La rédaction de Politique étrangère vous offre à (re)lire des textes qui ont marqué l’histoire de la revue. Nous vous proposons aujourd’hui un article de Daniel Bell, intitulé « Les élections américaines et les changements de la société », et publié dans le numéro 4/1994 de Politique étrangère.

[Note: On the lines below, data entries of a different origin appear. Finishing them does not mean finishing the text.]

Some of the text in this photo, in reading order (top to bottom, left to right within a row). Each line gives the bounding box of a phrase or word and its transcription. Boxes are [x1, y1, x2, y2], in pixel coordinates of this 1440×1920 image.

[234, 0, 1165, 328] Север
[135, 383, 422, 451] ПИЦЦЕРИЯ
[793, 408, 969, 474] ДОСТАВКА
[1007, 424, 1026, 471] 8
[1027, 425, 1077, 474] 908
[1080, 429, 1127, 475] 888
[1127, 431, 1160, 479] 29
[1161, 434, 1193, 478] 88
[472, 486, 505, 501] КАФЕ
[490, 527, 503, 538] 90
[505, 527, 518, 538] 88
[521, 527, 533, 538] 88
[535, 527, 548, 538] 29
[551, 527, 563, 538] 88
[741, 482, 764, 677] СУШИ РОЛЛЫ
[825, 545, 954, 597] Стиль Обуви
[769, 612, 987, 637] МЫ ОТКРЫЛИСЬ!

Pour la première fois, depuis la présidence de Dwight Eisenhower il y a quarante ans, le Parti républicain contrôlera les deux chambres du Congrès : la Chambre des représentants et ses 435 membres, le Sénat et ses 100 membres. Newt Gingrich, d’Atlanta (Géorgie), sera le speaker (président) de la Chambre des représentants et, à ce titre, il aura la haute main sur l’ordre du jour politique. Robert Dole du Kansas sera la figure dominante du Sénat, en tant que chef de la majorité républicaine. L’ensemble des commissions du Congrès, auxquelles sont soumises toutes les propositions de loi, seront entre les mains du Parti républicain. Ce succès électoral accroît également la possibilité de voir Robert Dole se présenter à l’élection présidentielle de 1996. Le président Clinton dispose encore de deux années de mandat mais, compte tenu de la majorité écrasante dont bénéficie l’opposition, il risque de devenir ce que les Américains appellent un lame duck, c’est-à-dire un président en fin de mandat, privé de toute capacité d’action.